For local chefs at Michelin two stars Addison and Michelin one star Jeune et Jolie and Sushi Tadokoro, the coveted awards marked the peak of their culinary careers. But for chef Soichi Kadoya – who opened Soichi Sushi with his wife, Raechel Kadoya just two years ago at University Heights – receiving a star has been an unexpected and stressful experience. Kadoya feared that an explosion of new business could alter the intimate, friendly and very social dining experience he and his wife cultivated at their 26-seat restaurant.

Fortunately, his worries were of no avail. Raechel, who handles business and reservations, said all that has changed in Soichi is the length of its waiting list, which has grown from two to three months since the award was announced. For diners who sign up to fill last minute table cancellations, that list has grown to 230 names. But as always, the Kadoyas still keep four seats at the 10-seat sushi counter available every night for their loyal devotees. They also didn’t feel the urge to decorate the restaurant with a Michelin star trophy or window sticker.

A halibut dish from the omakase nigiri menu at Michelin-starred Soichi Sushi in University Heights.

(Cindy Nixon)

Although Soichi Sushi is a traditional Japanese omakase (chef’s choice) restaurant, it is unlike most others, with its warmth, cheerfulness, and chatty team of chefs. Kadoya was a bartender and musician before he became a sushi chef, and the acoustic guitar hanging on the back wall is not for the show. He is known to serenade his customers, who frequently buy drink tours for the cheerful chefs. Each dish is served with a smile and an explanation of where the fish was caught and how it was prepared. Laughter is the background music of the restaurant.

Kadoya grew up in Yokosuka, Japan, where as a child he caught black snapper – the chubby fish seen on the Soichi logo – and sold it to restaurants that serve the nearby U.S. Navy base. At 16, he got his first job at a local sushi restaurant, where he was a bartender a few years later when he met his wife, the Chula Vista-born daughter of a stationed US Navy officer. in Yokosuka. They married and moved to San Diego in 1999, where he got a job as an apprentice sushi chef with Ichiban Sushi in Hillcrest, and later Surfside Sushi in Pacific Beach. There he worked alongside another apprentice and future close friend, Takeaki Tadokoro.

The exterior of the Michelin-starred Soichi Sushi in University Heights.

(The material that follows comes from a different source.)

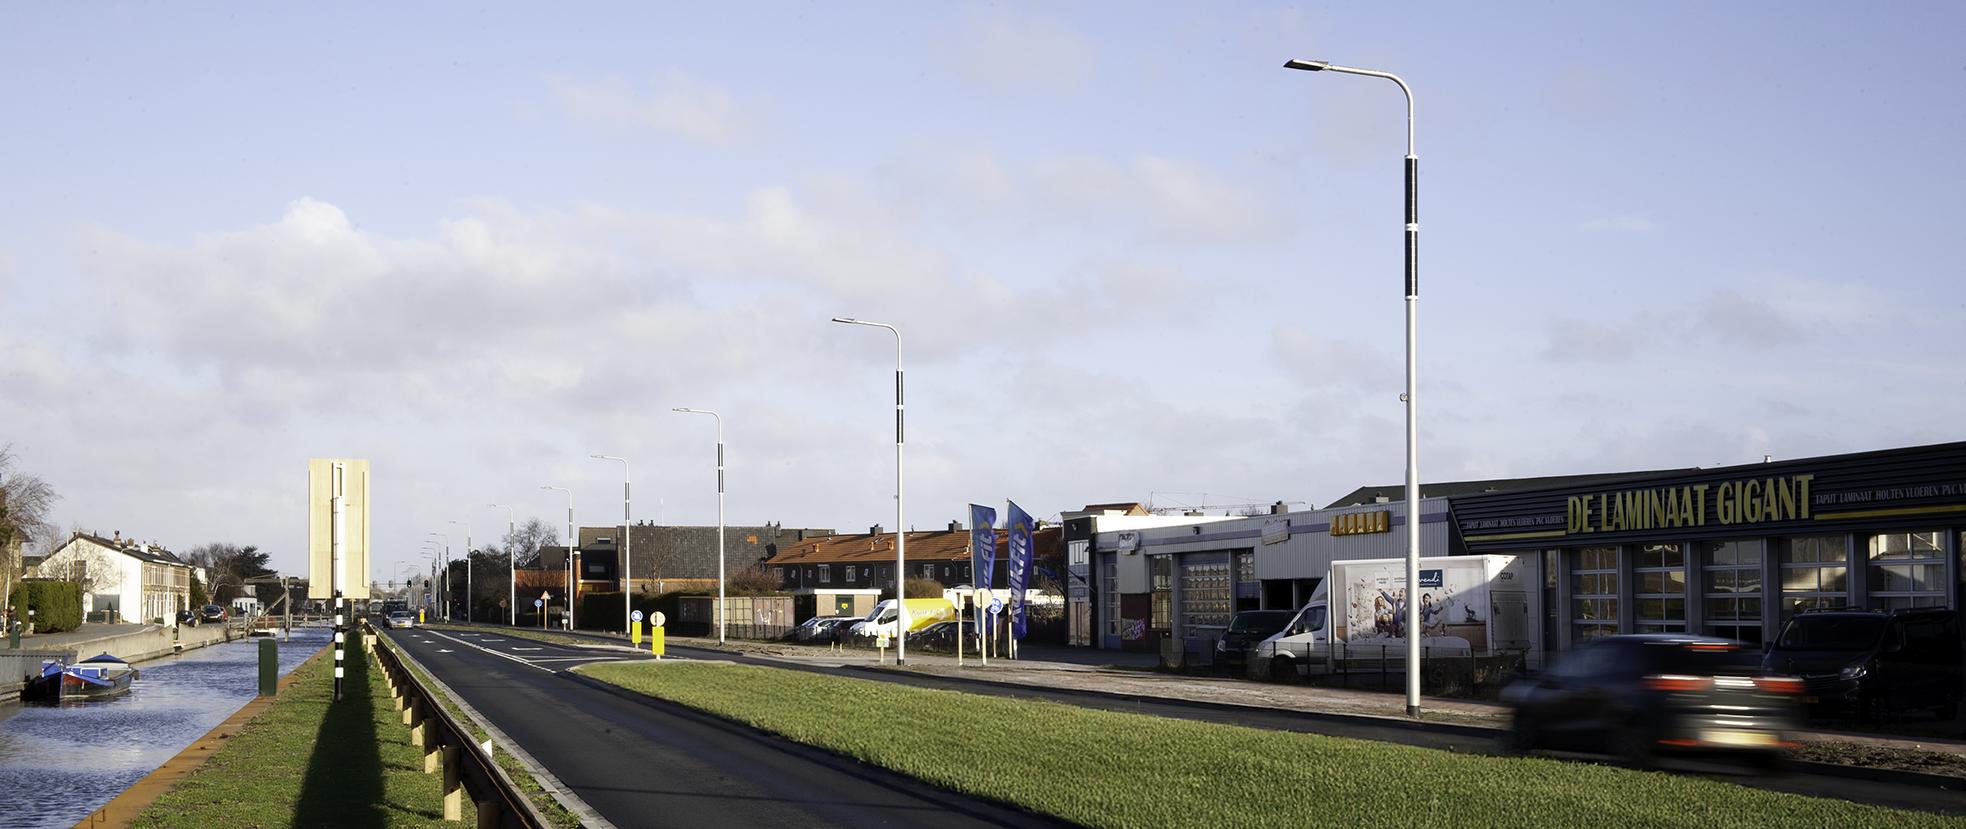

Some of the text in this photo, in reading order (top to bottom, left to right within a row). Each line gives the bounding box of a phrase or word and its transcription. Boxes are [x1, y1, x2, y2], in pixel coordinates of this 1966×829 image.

[1567, 474, 1815, 534] DE LAMINAAT GIGANT

The exterior of the Michelin-starred Soichi Sushi in University Heights.

(Soichi Sushi)

In 2004, the Kadoya returned to Japan and were there in 2011 when a devastating earthquake and tsunami caused the nuclear disaster in Fukushima Daiichi, just 150 miles from their home. Worried about how the write-offs could affect their three daughters, Raechel returned to San Diego with the children in 2012, while her husband stayed on to sort out the family’s property and financial issues.

In 2013, Tadokoro decided to open his own restaurant and flew to Japan to ask Kadoya to come and work for him. Kadoya will spend six years at Sushi Tadokoro before he and Raechel open Soichi Sushi. The two remained as close as brothers and they happily celebrated their Michelin star.

Soichi Kadoya toasts with customers at Soichi Sushi in University Heights.

Soichi Kadoya, center, and her chefs toast with customers at Soichi Sushi in University Heights.

(Cindy Nixon)

The Fukushima experiment made the Kadoyas ocean ecologists. They are vigilant as to where they buy their Japanese seafood, selecting only fish caught in northern waters, away from the tidal currents around the old nuclear power plant. They also buy in markets that sell fish mainly caught with rods by fishermen in small Japanese villages and they waste no part of the fish they buy.

Kadoya is a purist in the way he prepares and serves his fish in the traditional Japanese style. He makes his own marinades and sauces and has a unique sushi rice technique. There are no American style sushi rolls. Diners can order à la carte or choose from two fixed-price menus. The generously portioned $ 95 omakase nigiri menu includes a plate of four appetizers, 12 pieces of nigiri sushi, a bowl of shirumono (fish soup), and a scoop of toasted sesame or homemade green tea ice cream. The comprehensive $ 135 omakase menu features eight expertly prepared dishes with raw and cooked dishes.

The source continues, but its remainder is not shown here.